About Electoral Bonds:
- An electoral bond is designed to be a bearer instrument like a Promissory Note — in effect, it will be similar to a bank note that is payable to the bearer on demand and free of interest.
- It can be purchased by any citizen of India or a body incorporated in India.
- The electoral bonds will not bear the name of the donor. In essence, the donor and the party details will be available with the bank, but the political party might not be aware of who the donor is.The intention is to ensure that all the donations made to a party will be accounted for in the balance sheets without exposing the donor details to the public.
Eligibility of a Political Party:
- Every party that is registered under section 29A of the Representation of the Peoples Act, 1951 (43 of 1951) and has secured at least one per cent of the votes polled in the most recent Lok Sabha or State election has been allotted a verified account by the Election Commission of India. Electoral bond transactions can be made only via this account.
Other facts regarding Electoral Bonds:
- The bonds have been issued in multiples of Rs.1,000, Rs.10,000, Rs.1 lakh, Rs.10 lakh and Rs.1 crore and have been available at specified branches of State Bank of India.
- They can be bought by the donor with a KYC-compliant account. Donors can donate the bonds to their party of choice which can then be cashed in via the party’s verified account within 15 days.

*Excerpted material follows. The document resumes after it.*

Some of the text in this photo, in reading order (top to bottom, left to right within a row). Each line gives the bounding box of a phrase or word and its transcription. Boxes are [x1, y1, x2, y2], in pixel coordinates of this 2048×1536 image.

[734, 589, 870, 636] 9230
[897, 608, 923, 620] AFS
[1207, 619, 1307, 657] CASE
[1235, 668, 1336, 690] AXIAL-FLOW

- The bonds will be available for purchase for a period of 10 days each in the beginning of every quarter, i.e. in January, April, July and October as specified by the Central Government.
- An additional period of 30 days shall be specified by the Central Government in the year of Lok Sabha elections.
- Donations will be tax deductible, and the benefitting political party will get a tax exemption for the amount received.
Do private companies are eligible for Electoral Bonds?
- Prior to 2017, as per Section 182 of the Companies Act, 2013, a company can donate only up to 7.5% of its average profit of the last three years, and must disclose this amount and the beneficiary political party.
- Now, through the electoral bonds, there is no limit to the amount companies can donate, and the requirement for such firms to have existed for the last three years on a profit-making basis has also been deleted.
Whether foreign companies are eligible for Electoral Bonds?
- The amended Companies Act now allows any foreign company registered in India to make contributions through bonds to political parties, subject to legitimate doubts about who or where its real owners are, or what its source of funding is.
- The Association for Democratic Reforms (ADR) is an Indian non-partisan, non-governmental organization which works in the area of electoral and political reforms.
- Along with National Election Watch (NEW), ADR is striving to bring transparency and accountability in Indian politics and reducing the influence of money and muscle power in elections.
- In the last few years, based on ADR’s report and data, a huge number of coverage was received in print and online media.